Czech Republic Facing Shortage of General Practitioners Due To Demographic Trends
38% of GPs in the Czech Republic are older than 60 years, meaning the country is facing a potential shortage of these key workers in the coming years. South Moravia is one of the worst-affected regions. Photo Credit: Freepik / Illustrative Photo.
Czech Rep., Sep 9 (BD) –The Czech Republic is beginning to experience a shortage of general practitioners. Already, 38% of general practitioners are older than 60 years, and demographic trends indicate that the problem will get worse still.
A round-table meeting of professionals was held in the Frýdlant Lounge of the Czech Senate on Monday to discuss the issue. Senator Roman Kraus, Chairman of the Senate Health Committee, said the Senators wished to express their concerns over the declining number of general practitioners’ surgeries in the Czech Republic, which could soon be destabilizing for the Czech healthcare system, removing a basic element of Czech medicine.
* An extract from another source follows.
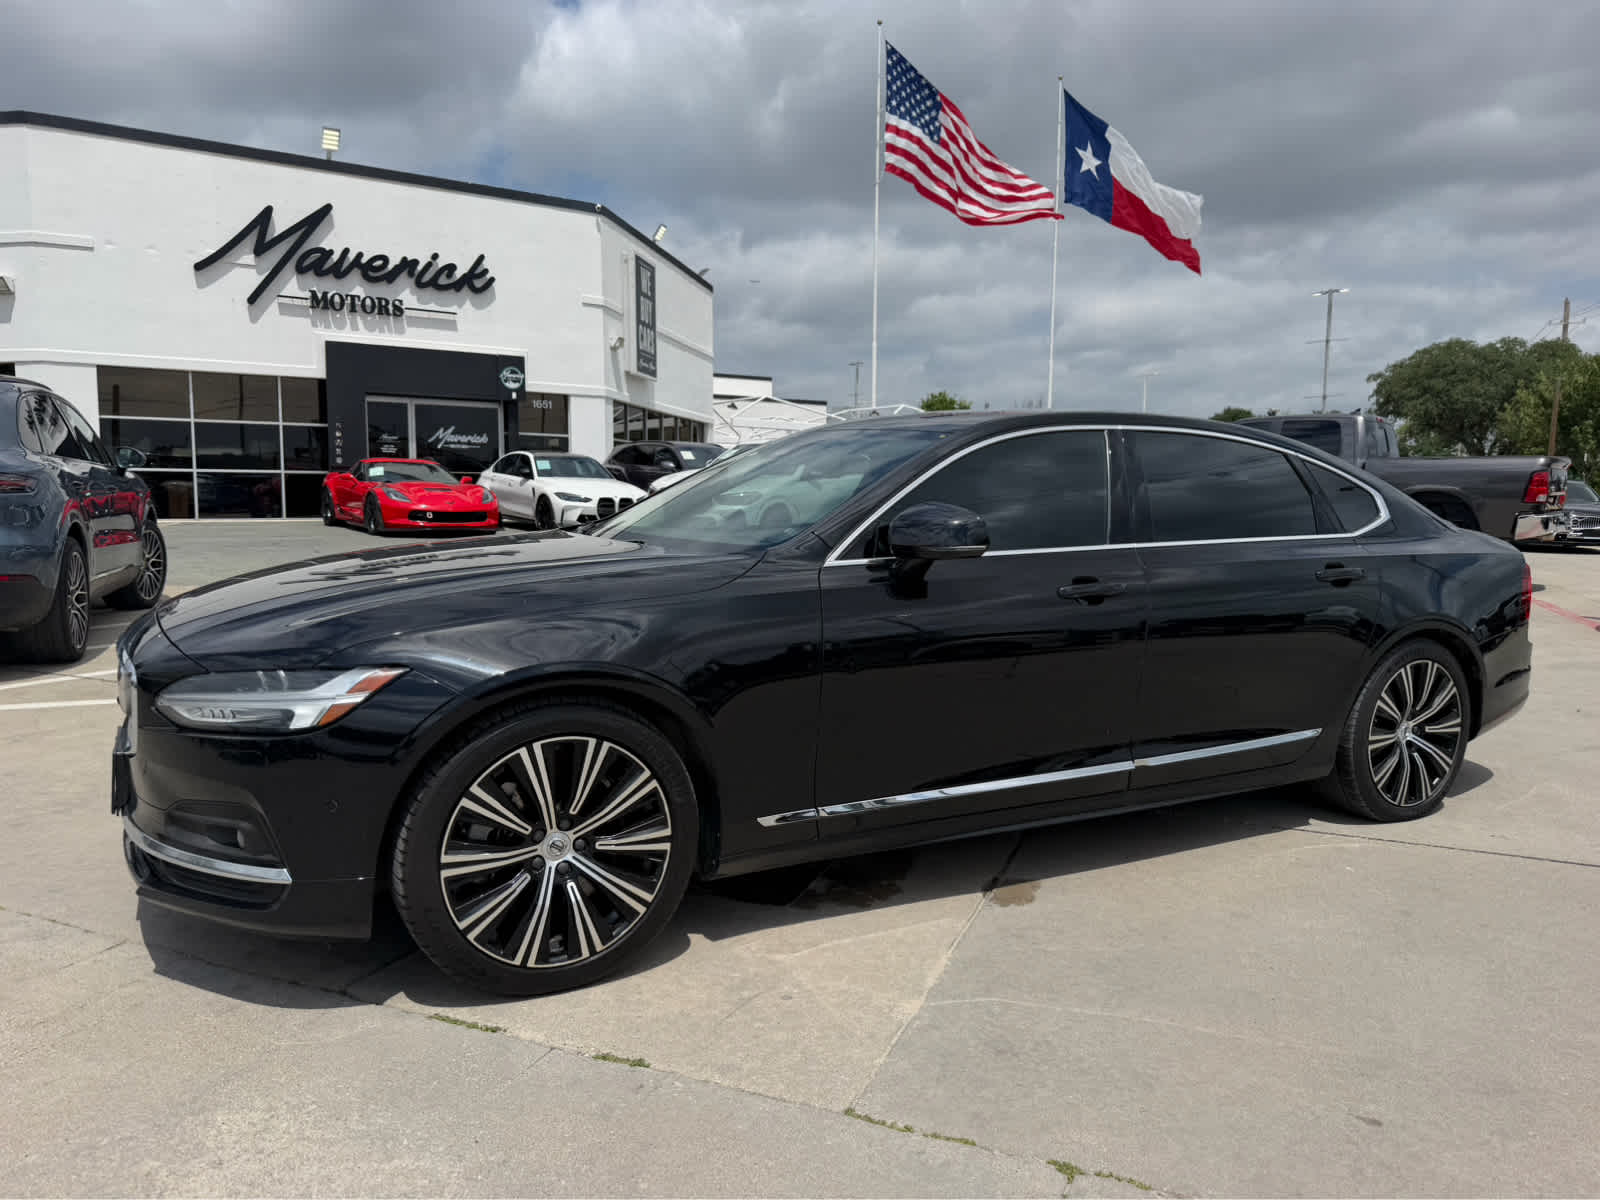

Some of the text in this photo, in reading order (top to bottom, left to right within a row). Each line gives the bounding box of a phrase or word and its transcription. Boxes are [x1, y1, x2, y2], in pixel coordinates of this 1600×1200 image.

[193, 202, 496, 305] Maverick
[308, 289, 405, 317] MOTORS
[532, 399, 552, 409] 1651
The aging of general practitioners is taking place in all regions, but the most affected are South Moravia, Ústí nad Labem, Plzeň, and South Bohemia. For example, in the Ústí Region, the average age of GPs in 2020 was 54.2 years, in the Plzeň Region, it was 53.9 years. The trend of GP retirement is a long-term problem, and data from the Czech Institute of Health Information and Statistics confirm a ten-year decrease in the number of surgeries for adults.
One of the problems of the Czech healthcare system is the relatively high number of outpatient specialists to GPs, which creates a certain imbalance in individual medical specialities. Medical faculties, therefore, have a role to play to ensure that general practice medicine becomes more in demand among students. Every year, Czech medical faculties produce approximately 50 male and 120 female GPs.